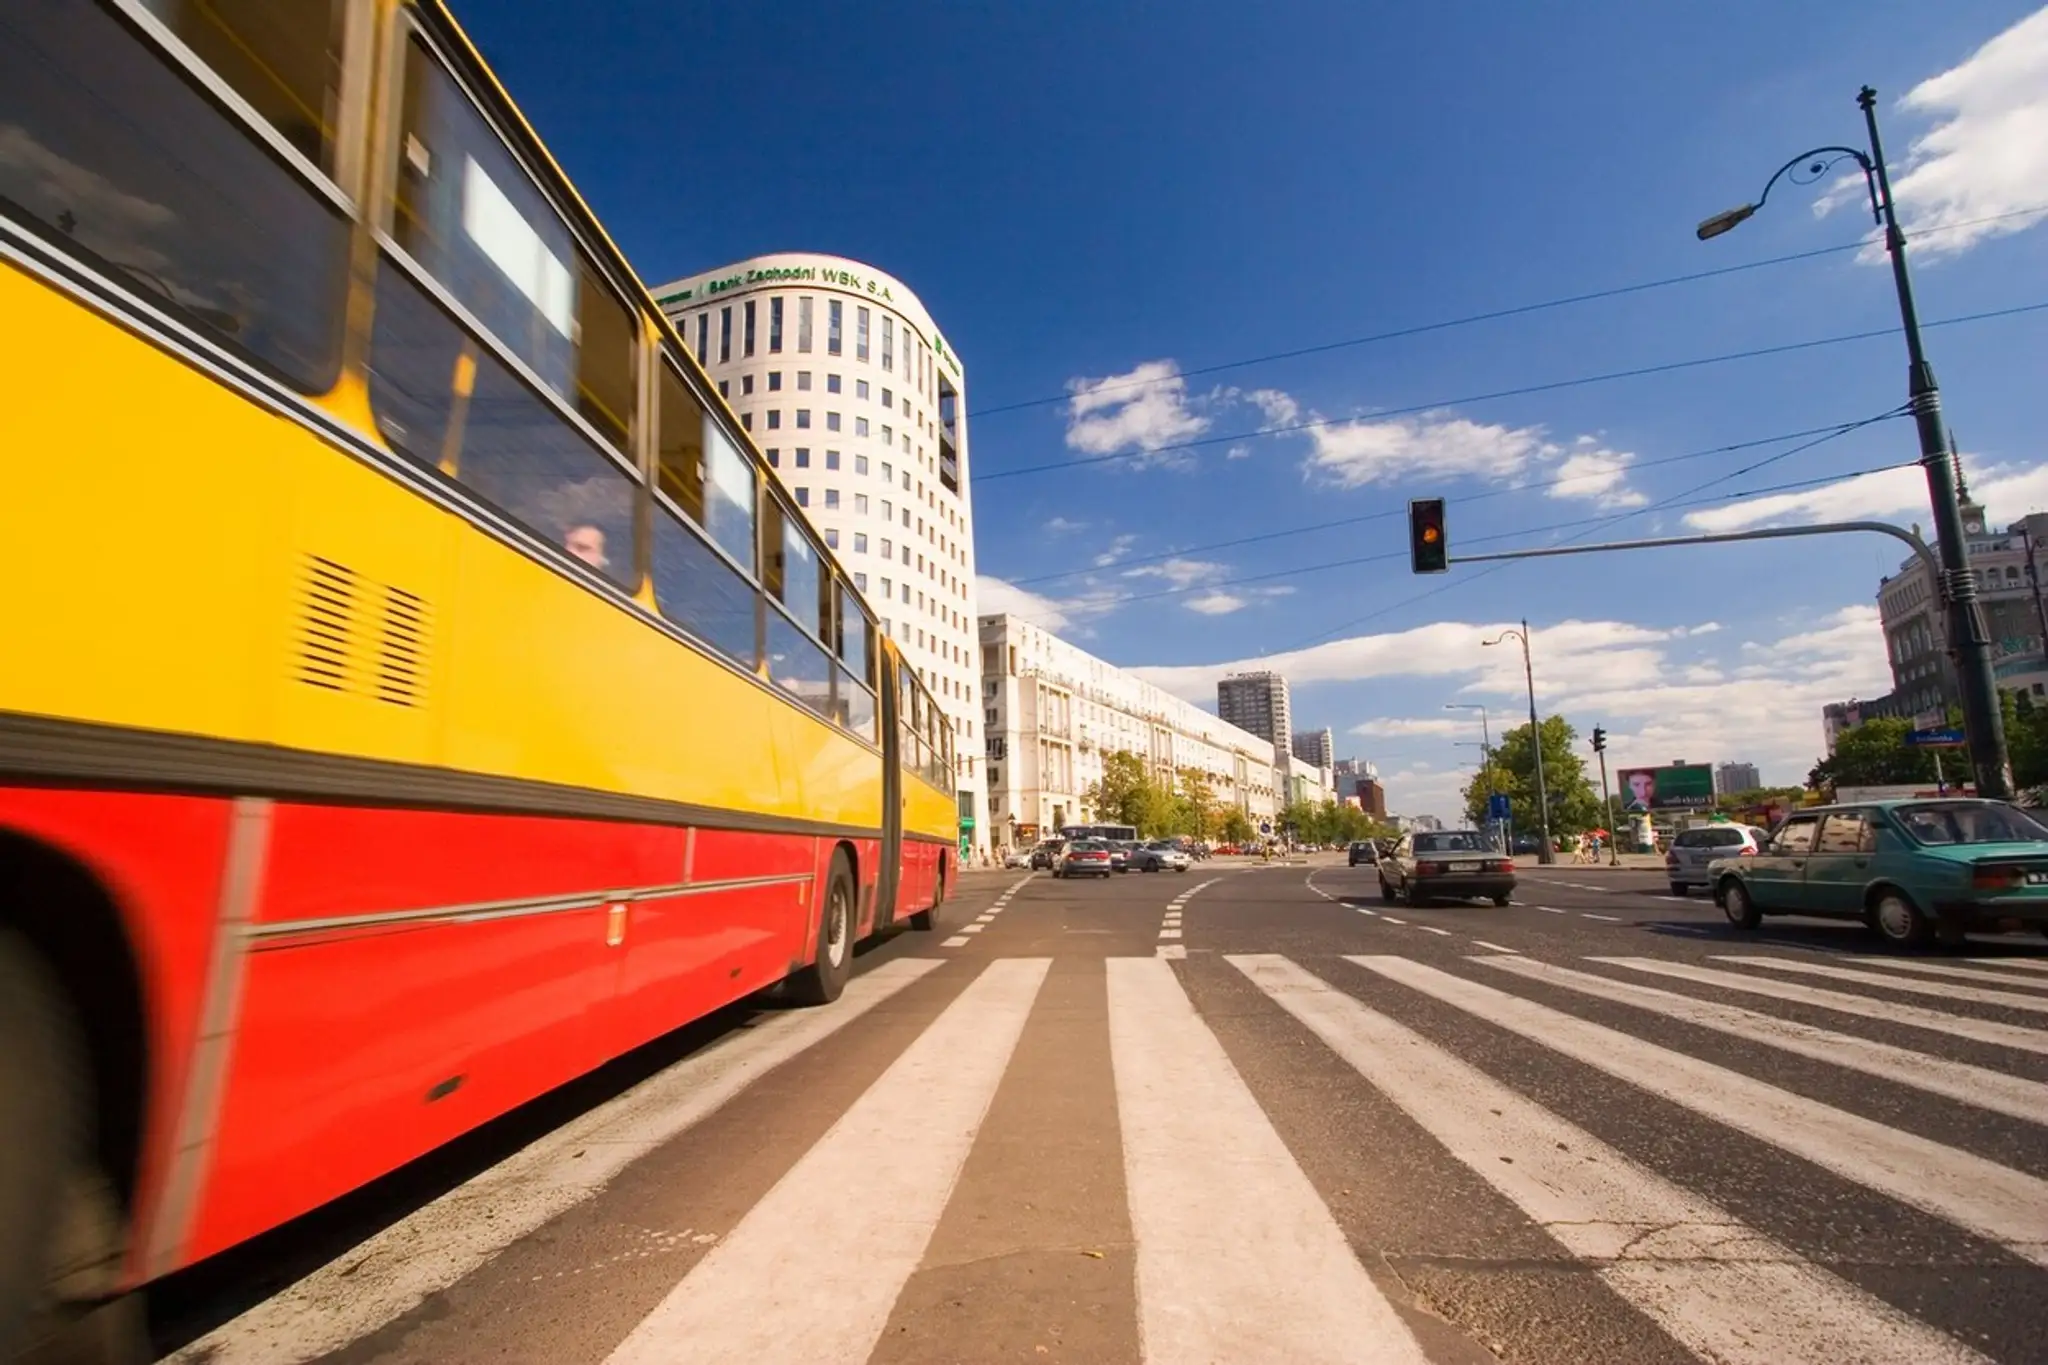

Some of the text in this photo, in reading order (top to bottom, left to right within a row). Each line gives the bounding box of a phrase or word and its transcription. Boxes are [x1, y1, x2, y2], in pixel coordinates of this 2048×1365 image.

[709, 275, 742, 294] Bank
[746, 266, 815, 284] Zachodni
[866, 279, 894, 302] S.A.
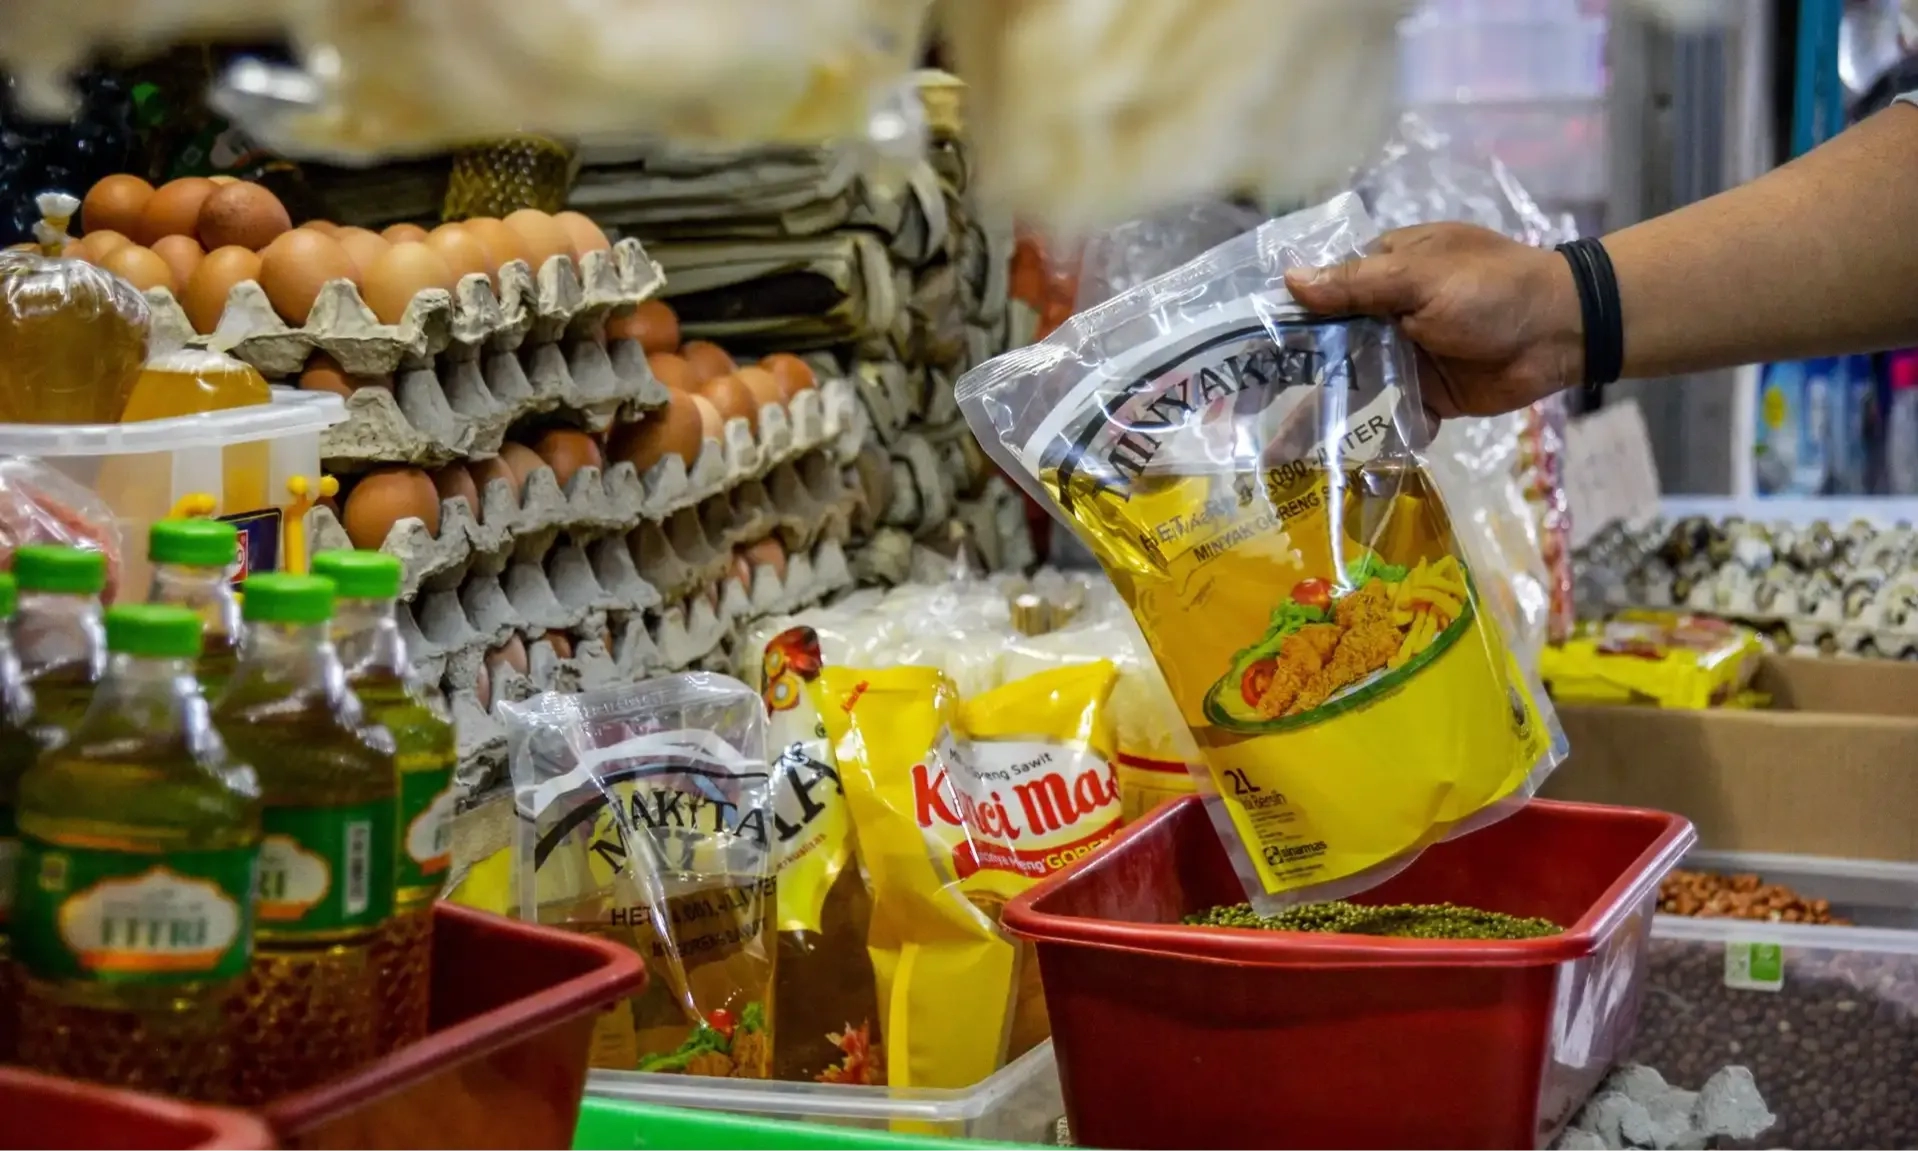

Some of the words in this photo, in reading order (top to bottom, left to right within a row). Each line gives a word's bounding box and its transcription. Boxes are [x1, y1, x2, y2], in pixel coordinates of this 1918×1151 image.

[1193, 525, 1256, 562] MINYAK
[1011, 751, 1053, 775] Sawit
[1223, 767, 1262, 795] 2L
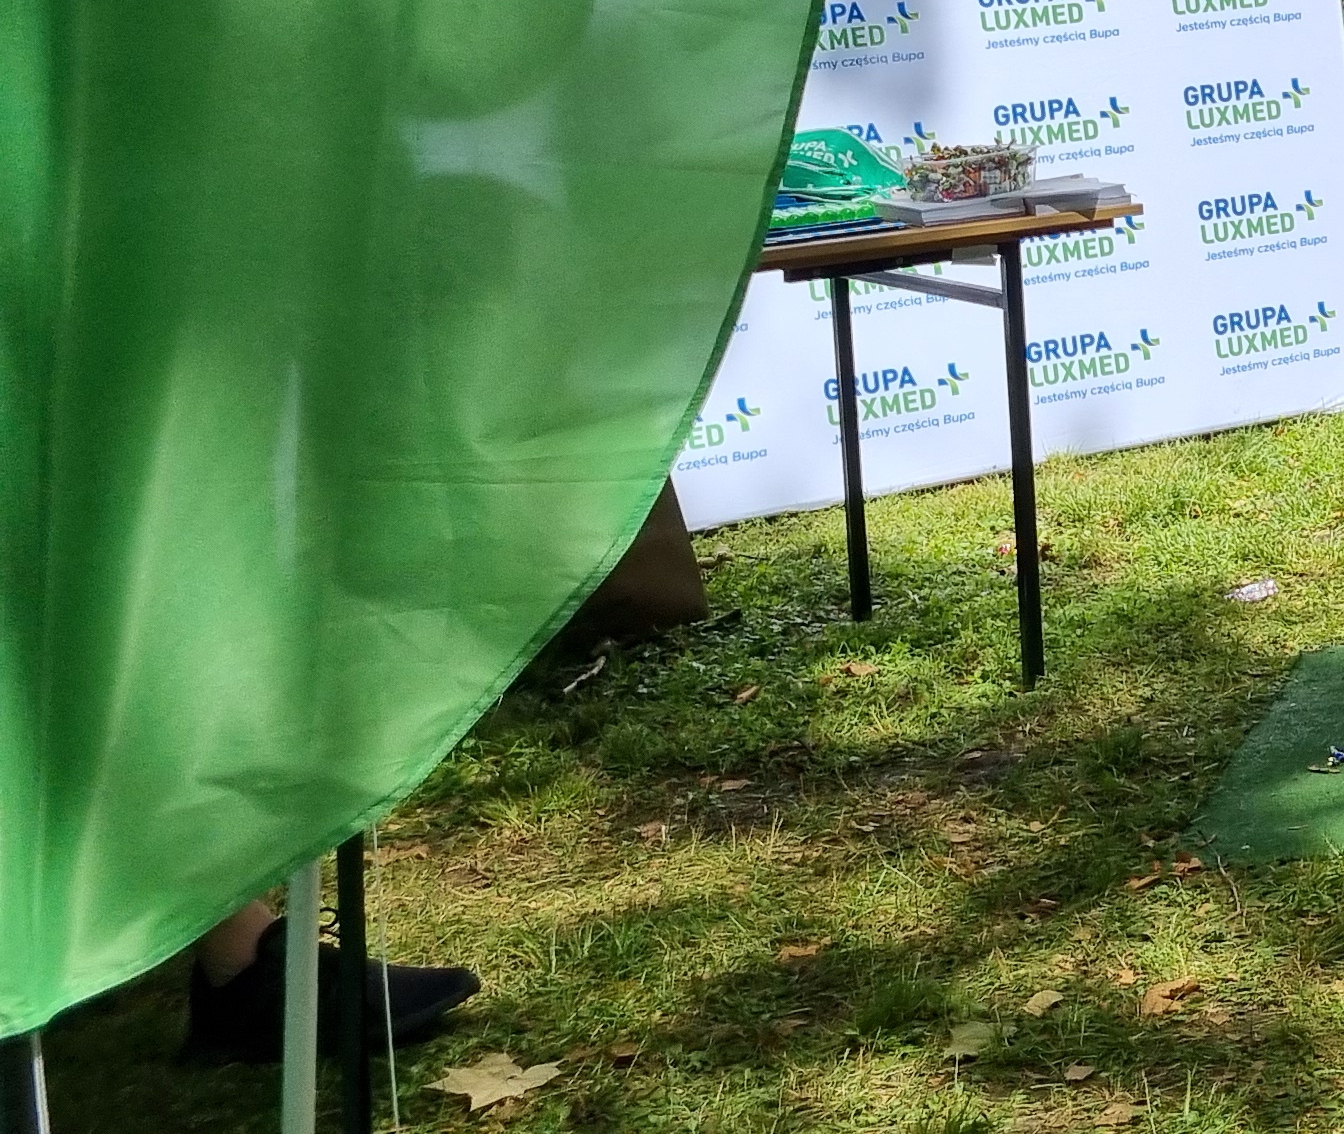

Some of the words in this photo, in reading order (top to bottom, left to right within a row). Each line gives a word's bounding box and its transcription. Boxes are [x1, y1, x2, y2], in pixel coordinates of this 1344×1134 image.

[981, 3, 1083, 31] LUXMED
[1175, 19, 1227, 33] Jesteśmy
[1273, 12, 1302, 23] Bupa
[985, 36, 1040, 50] Jesteśmy
[1089, 28, 1120, 40] Bupa
[891, 50, 925, 64] Bupa
[1184, 79, 1265, 106] GRUPA
[994, 97, 1081, 126] GRUPA
[1186, 100, 1281, 129] LUXMED
[1104, 144, 1135, 156] Bupa
[1190, 133, 1241, 148] Jesteśmy
[1286, 124, 1315, 135] Bupa
[1198, 191, 1278, 221] GRUPA
[1201, 213, 1294, 244] LUXMED
[1023, 236, 1114, 268] UXMED
[1204, 246, 1255, 262] Jesteśmy
[1299, 235, 1328, 247] Bupa
[1023, 271, 1072, 286] esteśmy
[1119, 260, 1150, 272] Bupa
[1213, 304, 1292, 335] GRUPA
[1025, 331, 1112, 364] GRUPA
[1215, 325, 1307, 358] LUXMED
[1030, 353, 1129, 387] LUXMED
[1219, 360, 1269, 377] Jesteśmy
[1313, 346, 1341, 359] Bupa
[824, 366, 917, 401] GUPA
[1033, 388, 1088, 406] Jesteśmy
[1135, 376, 1165, 388] Bupa
[827, 388, 937, 426] LXMED
[943, 411, 976, 425] Bupa
[732, 448, 768, 463] Bupa

⁂

#### [BRIEF]
All records should be output exactly, with the pictures left out.

#### [EXERCISE ANSWER]
Some of the text in this photo, in reading order (top to bottom, left to right within a row). Each line gives the bounding box of a phrase or word and its transcription. Boxes are [x1, y1, x2, y2], in pixel coordinates of this 2048×1365 image.

[709, 275, 742, 294] Bank
[746, 266, 815, 284] Zachodni
[866, 279, 894, 302] S.A.

Some of the words in this photo, in reading order (top to bottom, left to right within a row). Each line gives a word's bounding box and its transcription. Boxes are [x1, y1, x2, y2], in pixel coordinates of this 1918×1151 image.

[1193, 525, 1256, 562] MINYAK
[1011, 751, 1053, 775] Sawit
[1223, 767, 1262, 795] 2L

Some of the words in this photo, in reading order (top to bottom, left to right within a row). Each line gives a word's bounding box and its transcription. Boxes are [x1, y1, x2, y2], in pixel coordinates of this 1344×1134 image.

[981, 3, 1083, 31] LUXMED
[1175, 19, 1227, 33] Jesteśmy
[1273, 12, 1302, 23] Bupa
[985, 36, 1040, 50] Jesteśmy
[1089, 28, 1120, 40] Bupa
[891, 50, 925, 64] Bupa
[1184, 79, 1265, 106] GRUPA
[994, 97, 1081, 126] GRUPA
[1186, 100, 1281, 129] LUXMED
[1104, 144, 1135, 156] Bupa
[1190, 133, 1241, 148] Jesteśmy
[1286, 124, 1315, 135] Bupa
[1198, 191, 1278, 221] GRUPA
[1201, 213, 1294, 244] LUXMED
[1023, 236, 1114, 268] UXMED
[1204, 246, 1255, 262] Jesteśmy
[1299, 235, 1328, 247] Bupa
[1023, 271, 1072, 286] esteśmy
[1119, 260, 1150, 272] Bupa
[1213, 304, 1292, 335] GRUPA
[1025, 331, 1112, 364] GRUPA
[1215, 325, 1307, 358] LUXMED
[1030, 353, 1129, 387] LUXMED
[1219, 360, 1269, 377] Jesteśmy
[1313, 346, 1341, 359] Bupa
[824, 366, 917, 401] GUPA
[1033, 388, 1088, 406] Jesteśmy
[1135, 376, 1165, 388] Bupa
[827, 388, 937, 426] LXMED
[943, 411, 976, 425] Bupa
[732, 448, 768, 463] Bupa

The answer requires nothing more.